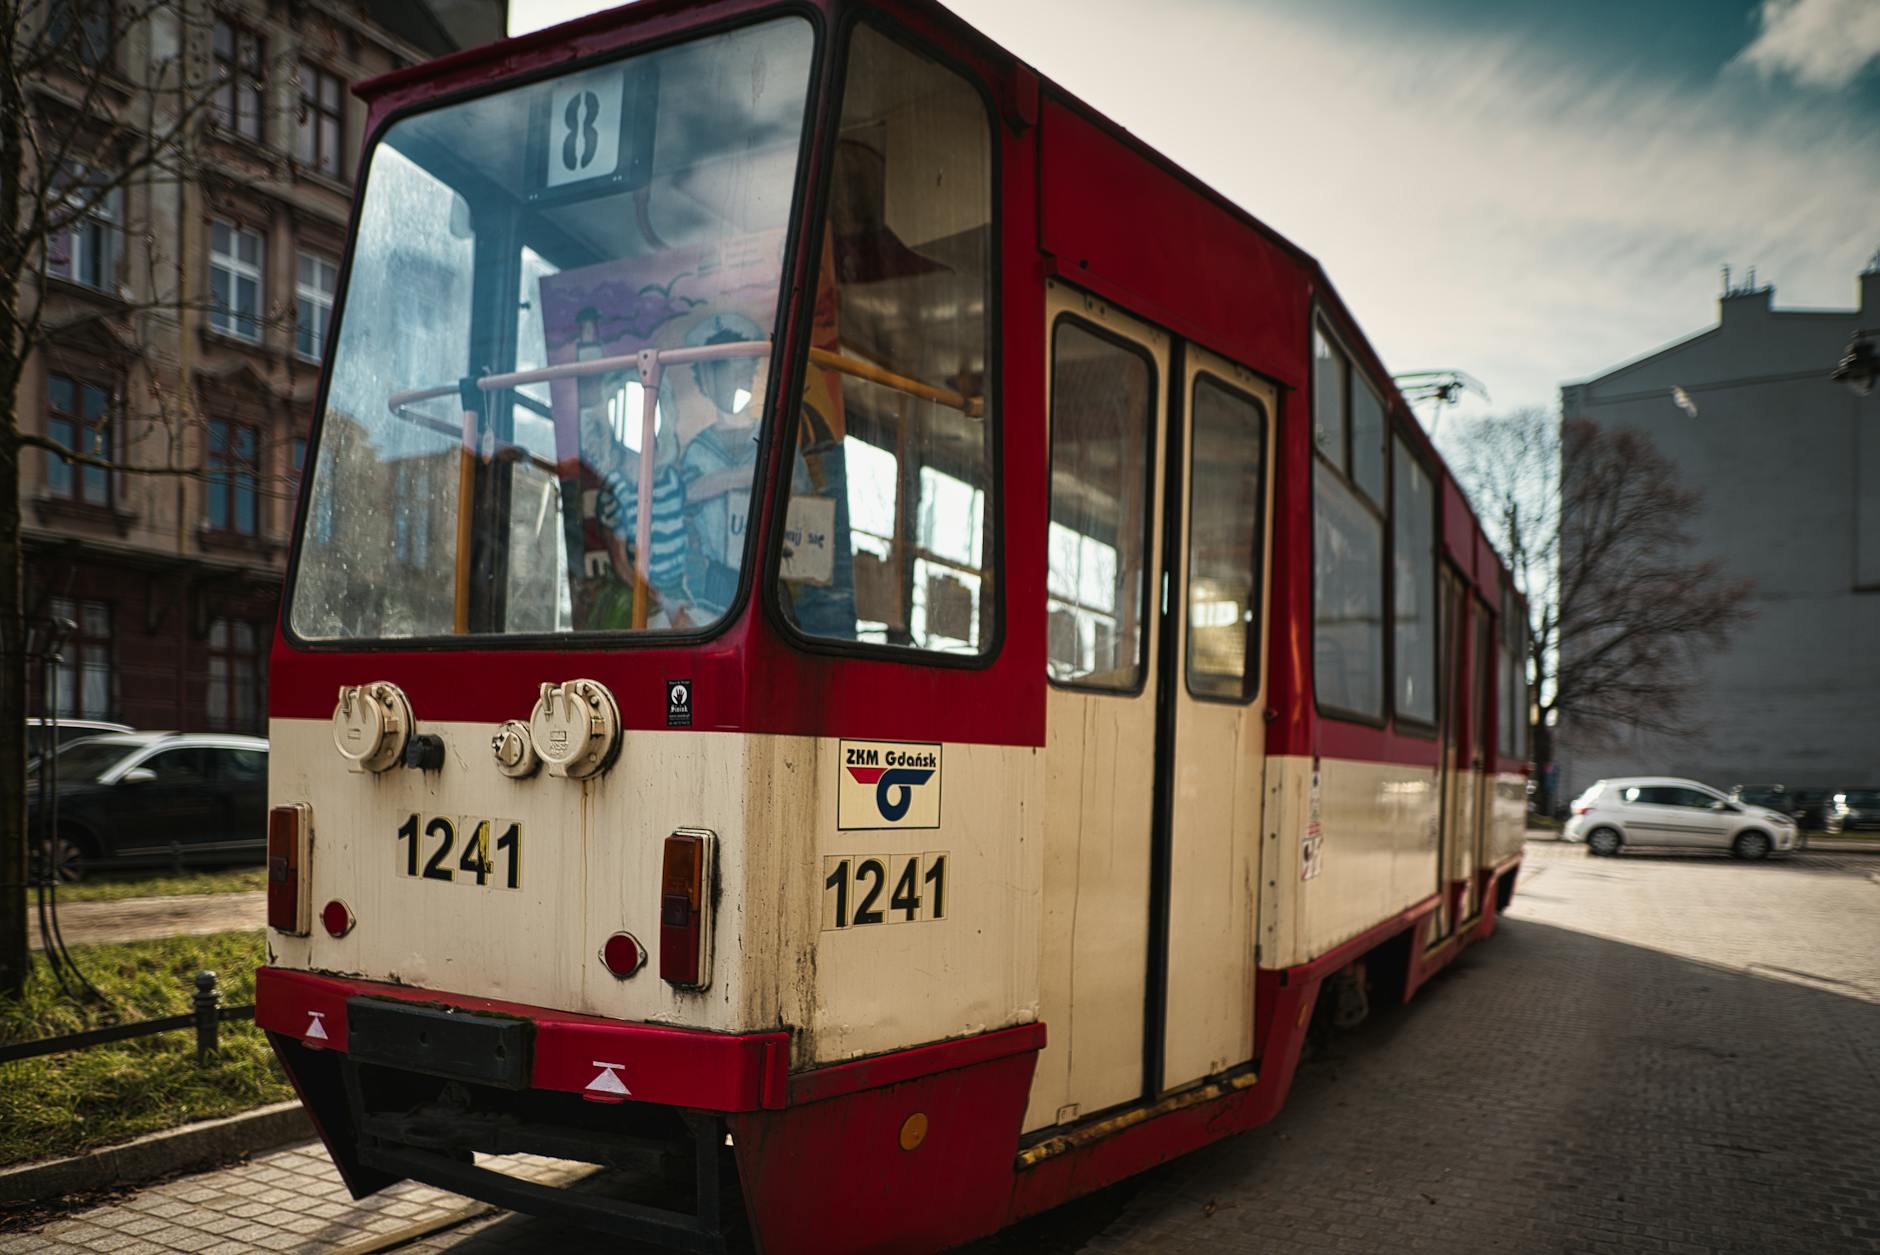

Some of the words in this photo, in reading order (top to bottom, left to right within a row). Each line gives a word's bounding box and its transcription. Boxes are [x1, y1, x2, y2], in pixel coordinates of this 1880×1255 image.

[563, 90, 600, 171] 8
[846, 748, 879, 766] ZKM
[885, 750, 937, 768] Gdańsk
[398, 812, 522, 889] 1241
[825, 855, 947, 928] 1241

● Exercise:
Apart from the pictures, restate all of the listing above exactly.

● Solution to the problem:
Some of the words in this photo, in reading order (top to bottom, left to right within a row). Each line gives a word's bounding box and its transcription. Boxes are [x1, y1, x2, y2], in pixel coordinates of this 1880×1255 image.

[563, 90, 600, 171] 8
[846, 748, 879, 766] ZKM
[885, 750, 937, 768] Gdańsk
[398, 812, 522, 889] 1241
[825, 855, 947, 928] 1241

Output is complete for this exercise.